Exploring the unconscious
Freud, in his description of the unconscious, describes a kind of no place where everything melds into everything else – where, as Macbeth says, ‘nothing is but what is not’. Shakespeare’s plays are always aware that what is on the surface is purely on the surface. They seem to be interested in dreams and the relationship between dreams and reality. They seem to be interested in ways of addressing otherness, sexuality, aggression, which speak very strongly to Freudian ways of understanding the psyche.
In Cymbeline, one of Shakespeare’s late plays, Imogen wakes up from her sleep beside what appears to be the dead body of her lover and says: ‘The dream’s here still […] / Without me, as within me’. She’s describing something that happens over and over in Shakespeare’s plays: a sense that what we are experiencing with our rational selves is but one layer in relation to a dreamlike other “self” that inhabits us, and which we can only access through language – and the language of Shakespeare is full of other meanings, other layers.
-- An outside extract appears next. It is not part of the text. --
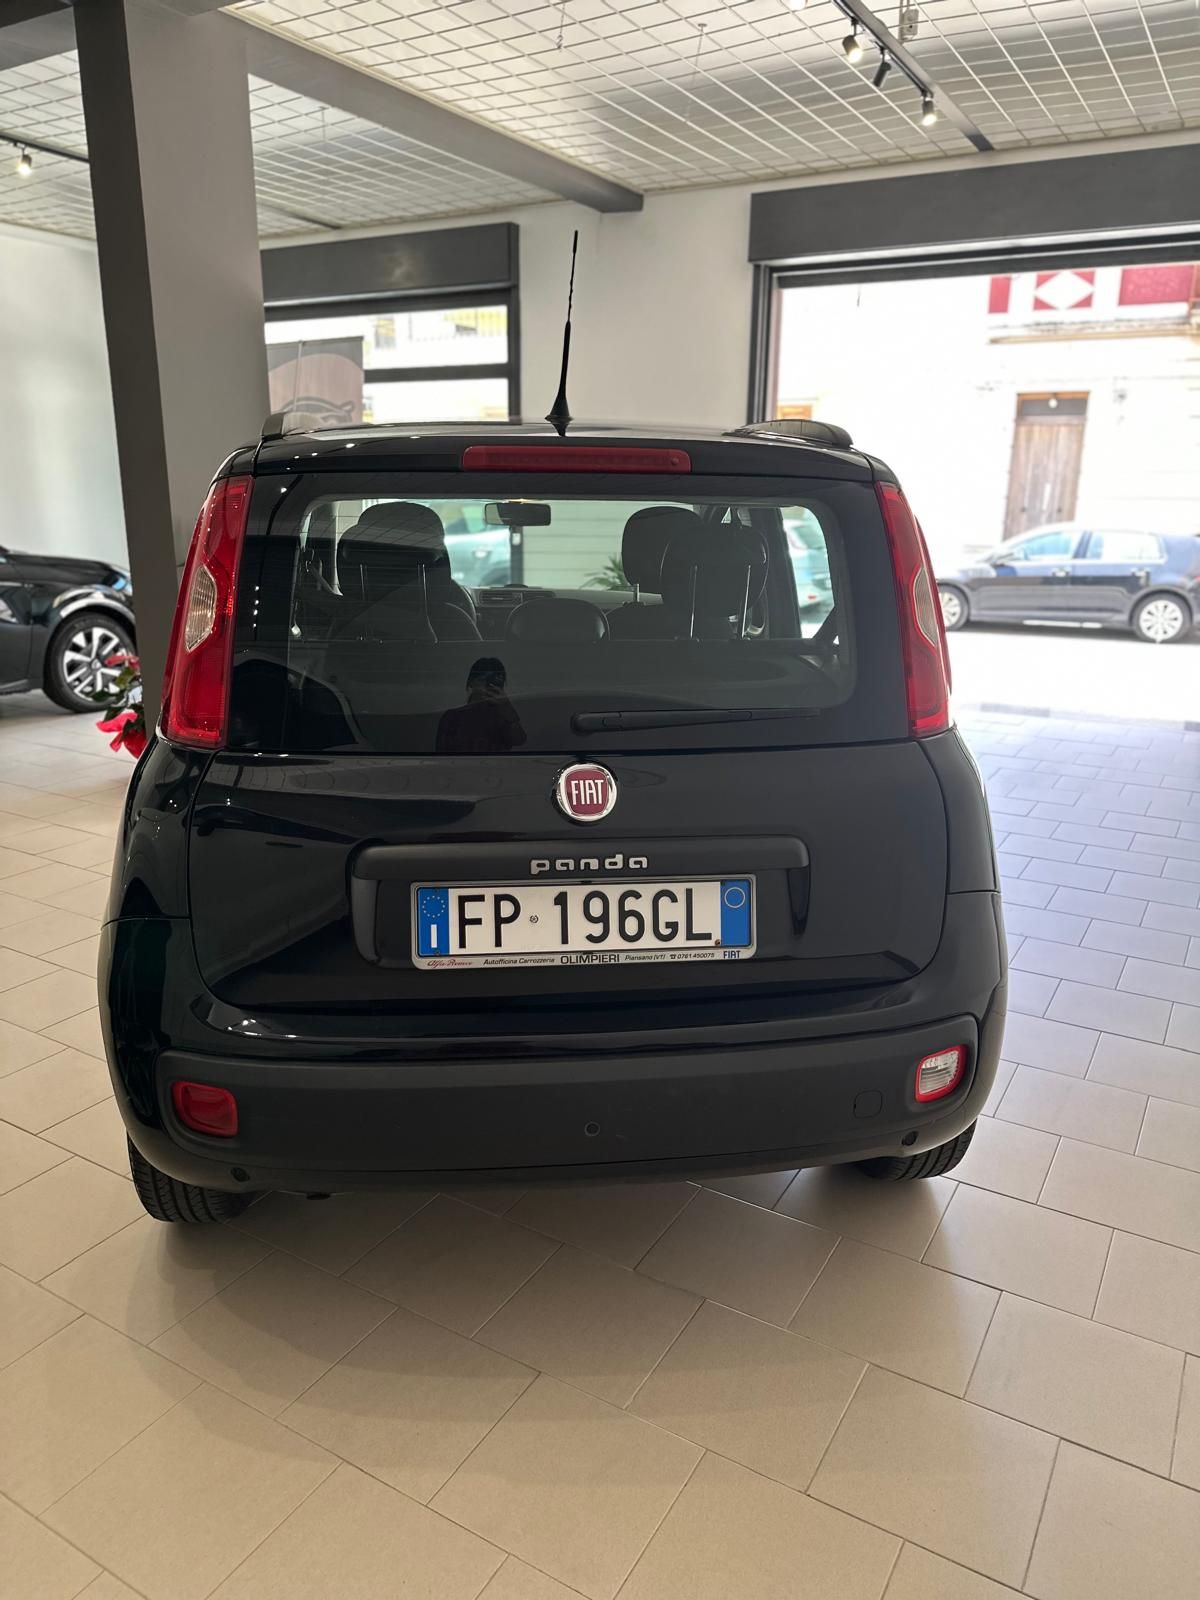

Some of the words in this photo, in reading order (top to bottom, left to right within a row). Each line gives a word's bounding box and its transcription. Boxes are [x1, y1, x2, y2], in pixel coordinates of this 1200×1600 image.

There is no real access to an original Shakespeare. All we have are certain texts, and certain later texts which edit those texts, and productions and commentary. We have a figure that is “Shakespeare” who has accrued a huge amount of what a psychoanalyst would call transference – very positive transference for the most part – where the layers just build and build as the centuries go by.
Going to a play can be transformational. Experiencing the destruction of Othello’s love for Desdemona, the destruction of Romeo and Juliet’s love for one another – any of these different plays can have a direct emotional effect. Shakespeare was amazingly good at picking up on stories that were in circulation in his time and creating something very powerful out of them, but one can also have that effect simply from hearing or reading a line of Shakespeare.
When Antony is enraged with Cleopatra because he thinks she has betrayed him, she apologises, and he says to her: ‘Fall not a tear, I say. One of them rates / All that is won and lost.’ The power of a line like that is hard to explain. It both picks up on a brute affective sense of forgiveness, which is very moving, but also expresses it in a way that is unsurpassable.